[Data entries]
......

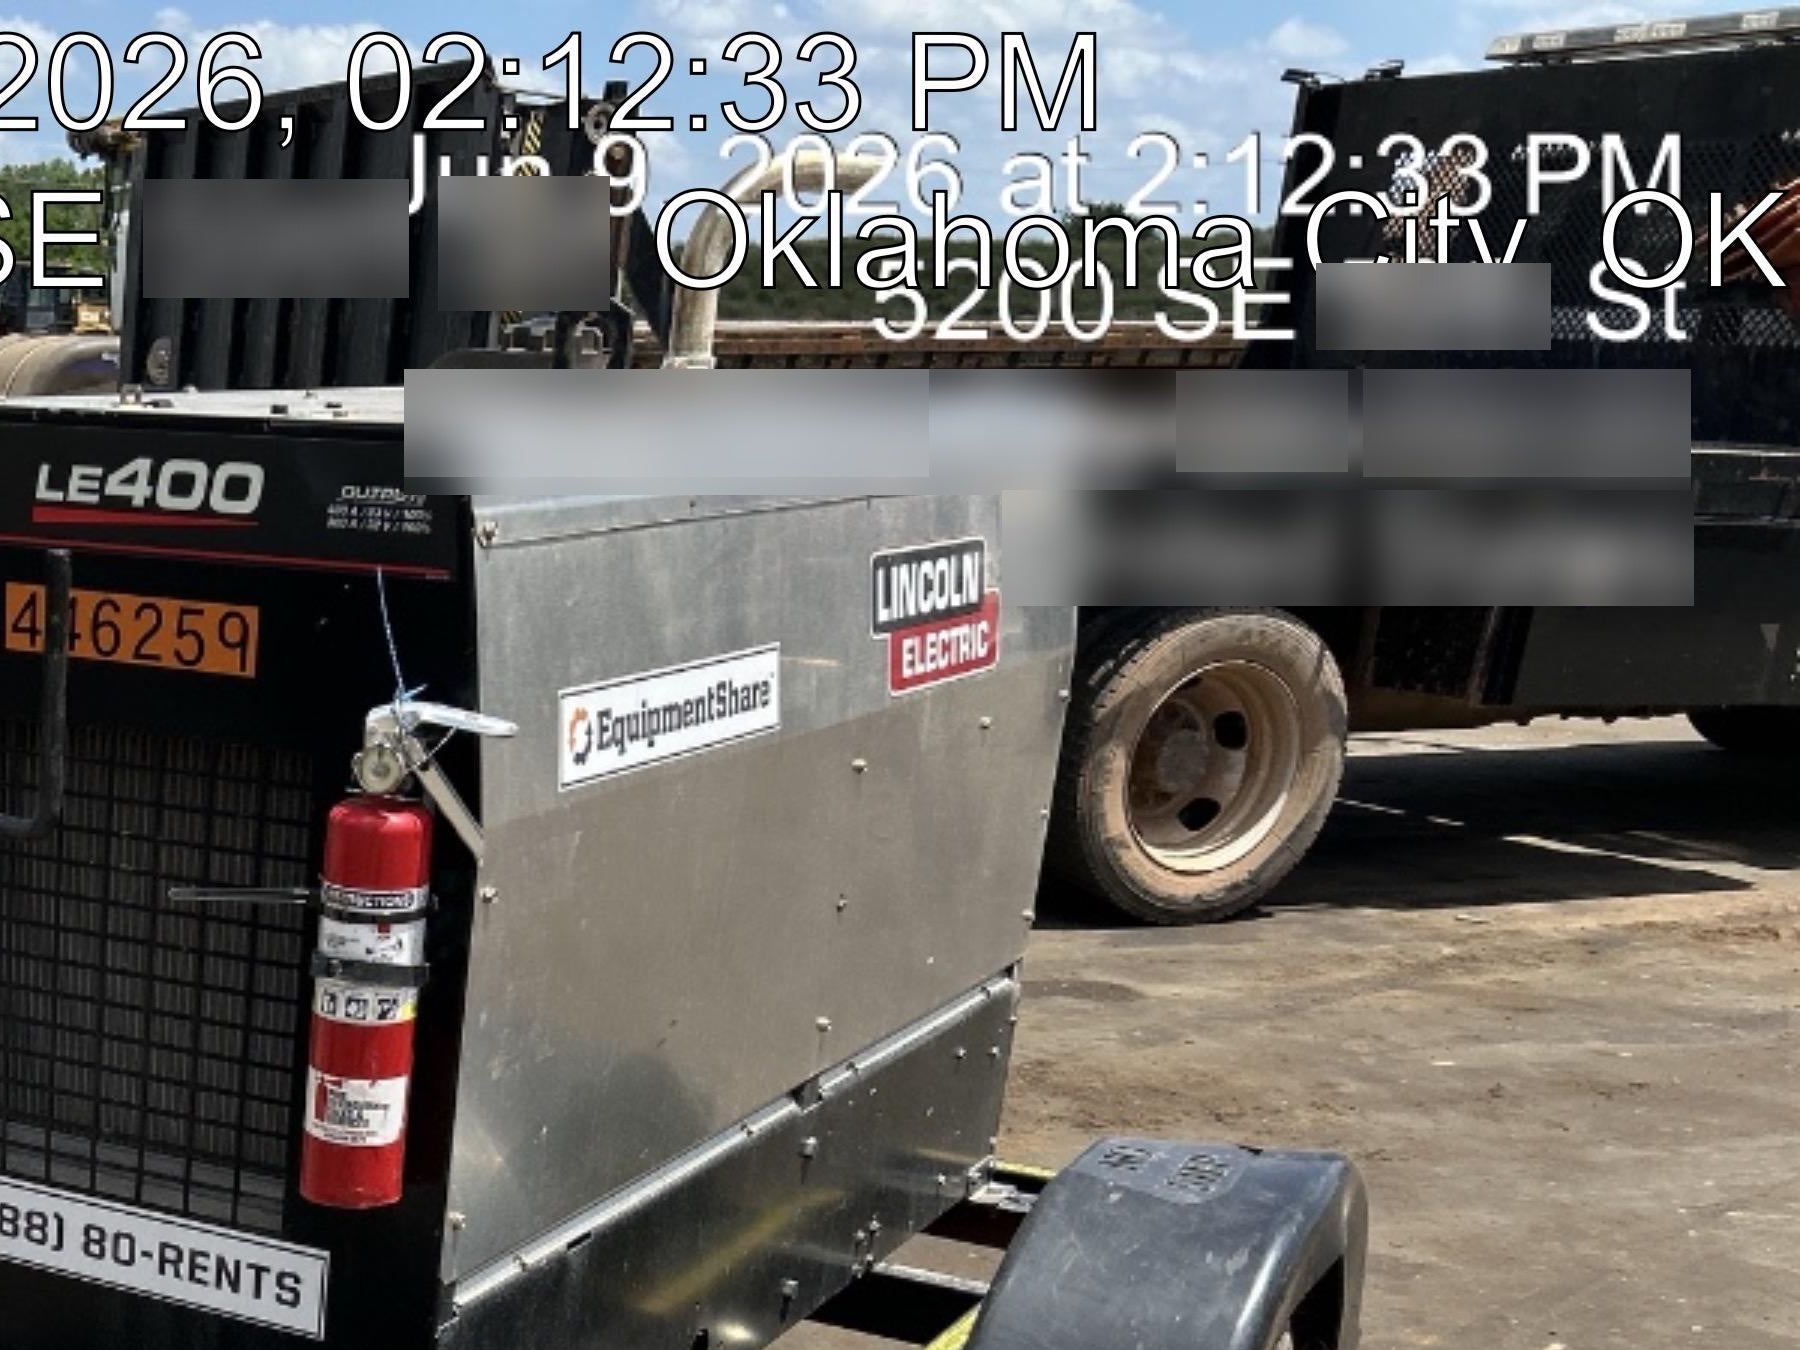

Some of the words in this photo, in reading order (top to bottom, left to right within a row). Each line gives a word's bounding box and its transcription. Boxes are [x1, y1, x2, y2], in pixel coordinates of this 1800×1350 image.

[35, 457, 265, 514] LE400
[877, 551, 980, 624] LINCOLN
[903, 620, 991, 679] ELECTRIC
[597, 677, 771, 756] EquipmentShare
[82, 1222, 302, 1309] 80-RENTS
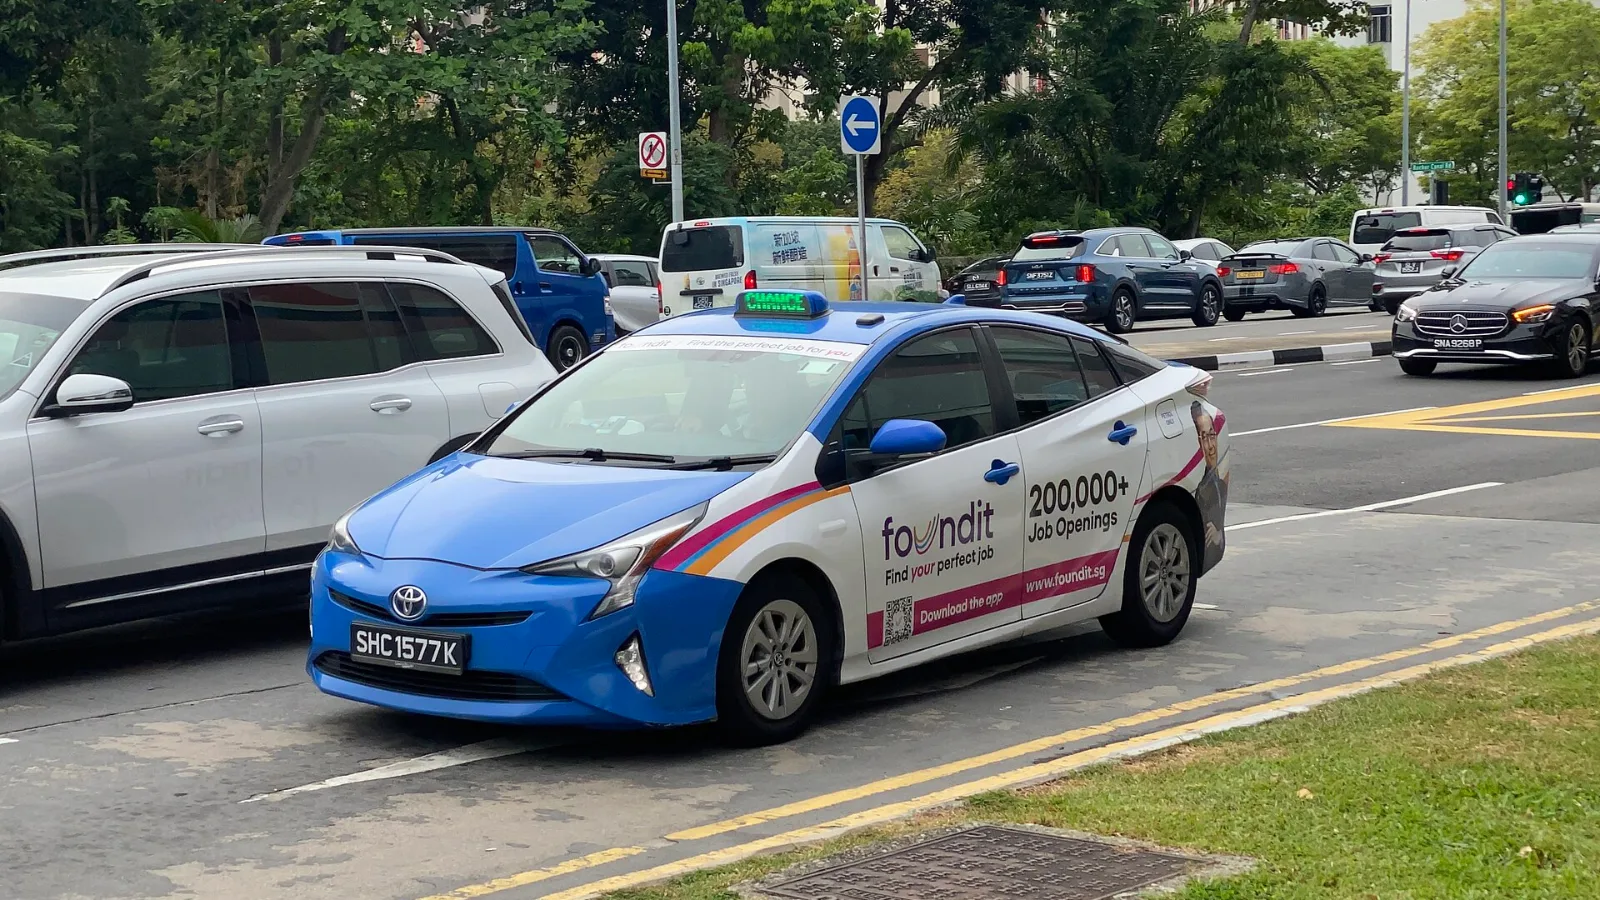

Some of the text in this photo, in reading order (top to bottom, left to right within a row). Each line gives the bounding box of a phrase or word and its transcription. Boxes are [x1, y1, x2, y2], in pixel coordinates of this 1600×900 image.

......

> [WORK TO COMPLETE]:
Write out every entry above exactly, minus the pictures.

> [RESULT FOR THIS EXERCISE]:
Some of the words in this photo, in reading order (top to bottom, left to right within a row). Each line gives a word's bounding box and its transcription. Boxes are [x1, y1, x2, y2], in pixel coordinates of this 1800×1350 image.

[35, 457, 265, 514] LE400
[877, 551, 980, 624] LINCOLN
[903, 620, 991, 679] ELECTRIC
[597, 677, 771, 756] EquipmentShare
[82, 1222, 302, 1309] 80-RENTS

Some of the text in this photo, in reading order (top to bottom, left to right within a row). Each line gives the bounding box of a phrase or word and its transcription. Boxes are [x1, y1, x2, y2], in pixel coordinates of this 1600×900 image.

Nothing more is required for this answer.